By SAMY MAGDY
CAIRO (AP) — Sudan’s deposed prime minister signed a deal with the military on Sunday that will see him reinstated, almost a month after a military coup put him under house arrest. According to the deal, the military will also release government officials and politicians arrested since the Oct. 25 coup.
The country’s top general, Abdel Fattah Burhan, said in televised statements that Abdalla Hamdok will lead an independent technocratic Cabinet until elections can be held. It remains unclear how much power the government would hold. It would still remain under military oversight.
It also remains unclear whether all political parties and pro-democracy groups have signed off on the agreement.
The coup, more than two years after a popular uprising forced the removal of longtime autocrat Omar al-Bashir and his Islamist government, has drawn international criticism.
“The signing of this deal opens the door wide enough to address all the challenges of the transitional period,” said Hamdok, speaking at the signing ceremony broadcast on state TV.

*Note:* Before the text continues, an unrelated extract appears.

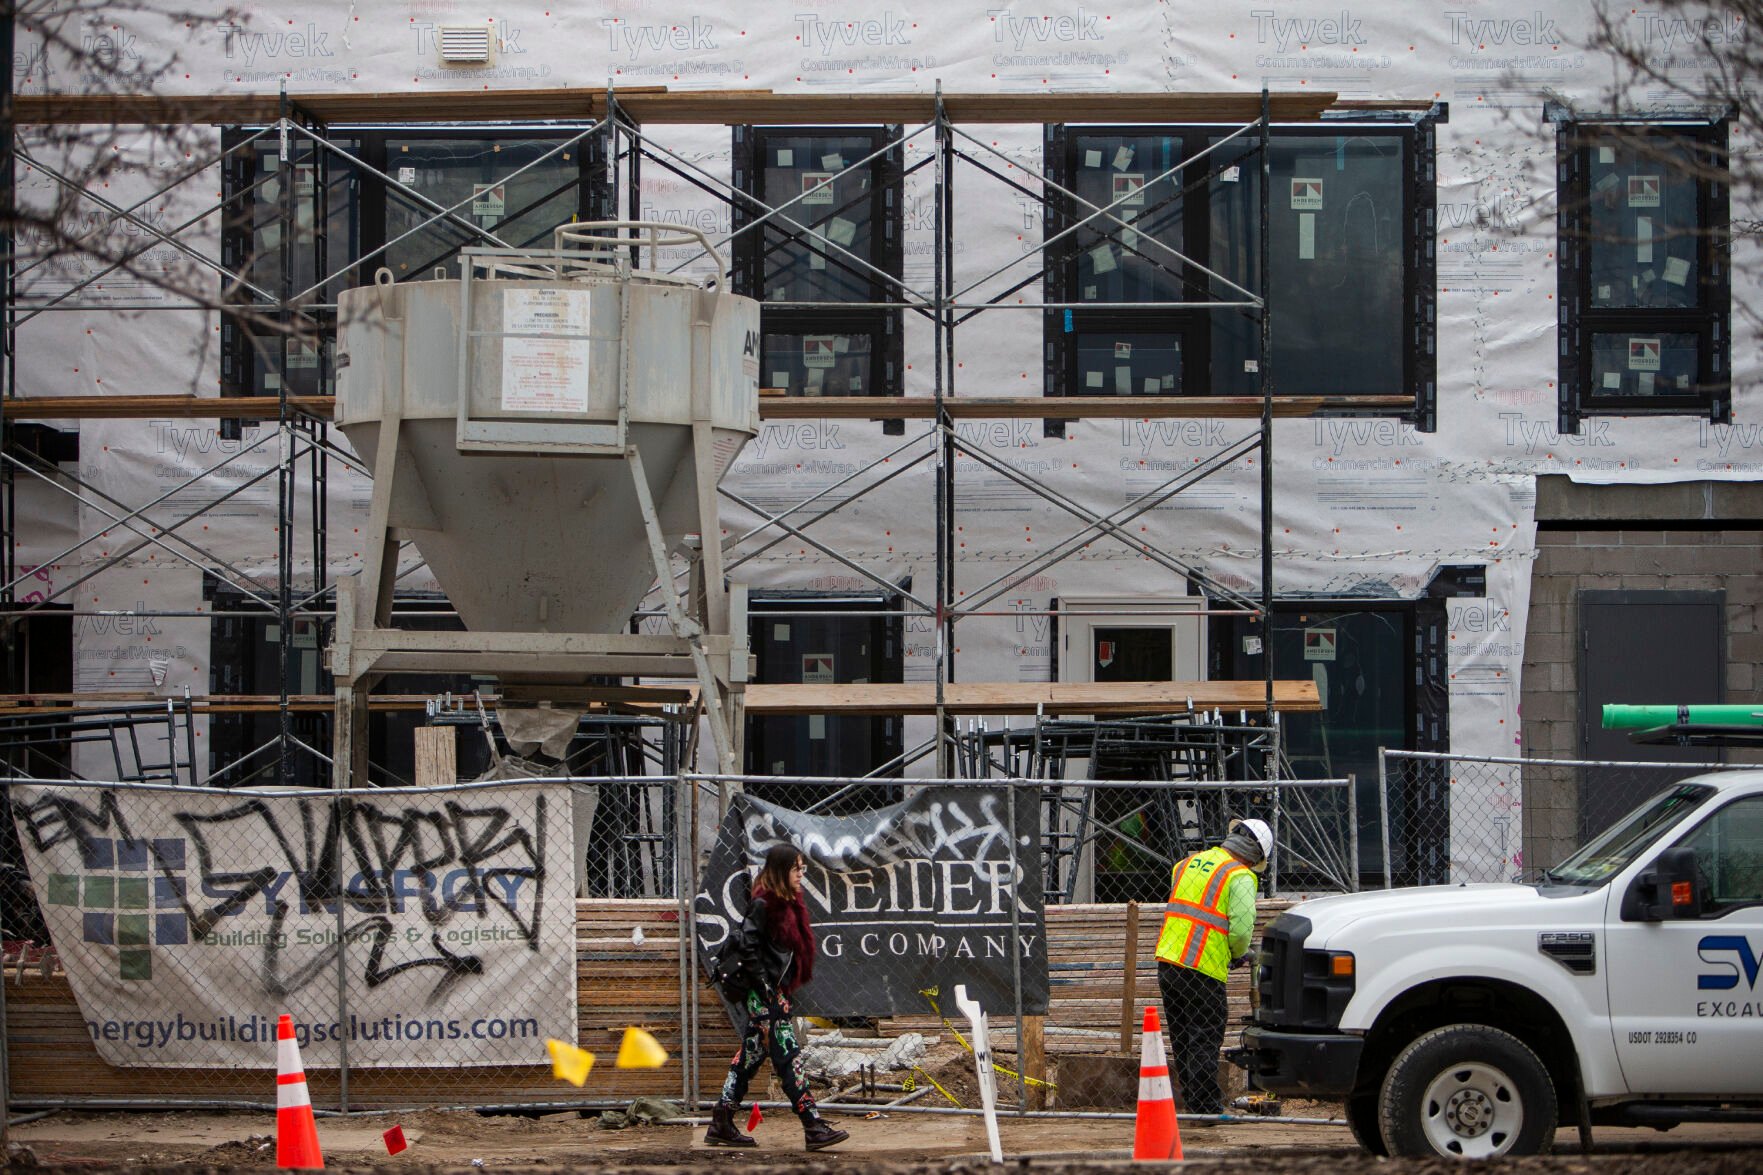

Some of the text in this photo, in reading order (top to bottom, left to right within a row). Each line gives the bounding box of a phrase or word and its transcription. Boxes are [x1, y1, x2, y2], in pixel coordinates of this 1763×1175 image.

Sudanese have been taking to the streets in masses since the military takeover, which upended the country’s fragile transition to democracy. The agreement comes just days after doctors said at least 15 people were killed by live fire during anti-coup demonstrations. Hamdok has been held under house arrest by military leaders for weeks.
The deal also stipulates that an investigation shall be conducted to identify those responsible for the killing and injuring of civilians and troops that marred protests following the coup.
“By signing this declaration, we could lay a genuine foundation to the transitional period,” said Burhan.
The 14-clause deal also stressed that power should be handed over to an elected civilian government after the end of the transitional period.
Earlier, the Forces for the Declaration of Freedom and Change, the group that spearheaded the uprising that culminated in Bashir’s ouster, objected to any deals with the military.
In a statement Sunday, the group reiterated its opposition to any new political partnership with the military, insisting the perpetrators of the coup should be brought to justice.
“We are not concerned with any agreements with this brute junta and we are employing all peaceful and creative methods to bring it down,” the statement said.
The largest of the political parties said to be included in the deal, the Umma Party, had also issued a statement implying that it did not sign off on it.
Thousands had taken to the streets in the capital of Khartoum on Sunday, shortly before the signing ceremony, to denounce the coup and demand the immediate transfer of power to civilians. Protesters waved the Sudanese flag and chanted “Power is to the people! The military are to stay in the barracks.”
Also earlier, military and government officials who spoke of the deal on condition of anonymity because they weren’t authorized to release the information, said that the U.N., the U.S. and others had played “crucial roles” in crafting the agreement.
The United States, its allies and the United Nations have condemned the use of excessive force against anti-coup protesters.
Hamdok thanked Sudan’s “regional and global friends” who helped in reaching this agreement but he did not name the countries.
Associated Press writer Noha ElHennawy in Cairo contributed.